Our neighbors came over and stayed at our house for the majority of the middle part of the day because they didn't have any heat, and we had our stove. They have a little 14 month old baby, who was napping most of the time. Despite that, it was fun to see him all energetic afterward. I had an interesting and actually very welcome feeling while they were here of familiarity - somehow, it wasn't awkward, wasn't strange at all. But there are so many people I know even better than them with whom things are awkward...why is that? There's something about the label of "neighbors" that makes things comfortable. You share something, and that is many a time a great start to any kind of relationship. In this instance, we also shared a situation and the desire to be warm.
Hair, hair, hair...how it affects my mood. Seriously, I will have a much happier disposition if my hair has volume, is not oily, not blocking my vision, and not knotted. But why? Really though, we spend a lot of time with our hair - it's very close to us. And it's one of those things that, oftentimes, no matter how hard we try, we simply can't control. I suppose that could be good, like a little lesson - you just can't control things. And if hair is too controllable, it feels unnatural. But what is hair really? Why do we have it? Protection, maybe? But against what? Is there really a use for it? Or is it just for...looks? Aliens usually don't seem to have hair...is it because we consider this to be something so normal that aliens simply couldn't have hair. Hair is actually quite odd, and difficult to understand.

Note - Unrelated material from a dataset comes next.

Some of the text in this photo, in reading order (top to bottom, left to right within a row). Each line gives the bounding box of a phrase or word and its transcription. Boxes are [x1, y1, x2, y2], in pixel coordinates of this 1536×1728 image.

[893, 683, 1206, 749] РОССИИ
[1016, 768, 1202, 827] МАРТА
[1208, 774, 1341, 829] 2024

Finally, guilt. I've realized that I spend a lot of my time feeling guilty about something. Guilty that I ate those last few bites or had dessert, guilty that I didn't practice piano, guilty that I didn't bring my rabbit in, guilty that I watched a movie with my parents instead of reading, guilty that I didn't exercise, that I spent so much time on the computer, that I didn't study three days in advance for a test, that I stayed up too late, that I wore jeans instead of sweatpants... These are all such trivial things! Why should I waste my time worrying about doing them or worrying about not doing them? I have a wonderful life!!! And yes, sometimes there are things that I should have done, but I just have to move on! It'll be okay, and guilt won't make the situation better. I've just got to get up out of bed and stop feeling sorry for myself because I'm so dreadfully tired. I've got to leave that moment-that-could-have-been-if-I'd-something-different behind and just move one and keep going. Whatever I spend my time doing is what I spent my time doing, and I always try to make the best of my time.
Ah...that felt good. Writing all of that. I feel satisfied - very satisfied. Two hour delay tomorrow, then rehearsal, then coming home and trying to not be too wiped out...oh, and I'll probably be disappointed that we don't have any more of those chocolate chip cookie sandwiches...oh well!
I'll just move on!
Gosh I'm sorry, I'm sorry, I'm so so sorry! This is so looonngg! I think I'm just completely immune to short-blog-posts. Then again, this is just as much a source of therapeutic thought for me as it is for others to read. And my thought is very long. And never in trains, really...more like extremely-mismatched-connected-vehicles-of-all-kinds.
ReplyDeleteYou are you, you are GREAT! I know it's easy to say "Don't feel so guilty" but DON'T!! It's natural to feel guilty and I do, too, a lot, but if you just try to do the best you can and if you know you have don't your best - you can let go of being perfect. No one can be perfect, so just do your best. (Right now you are saying, "I took Russian for one day" over and over and I can't concentrate very well!!)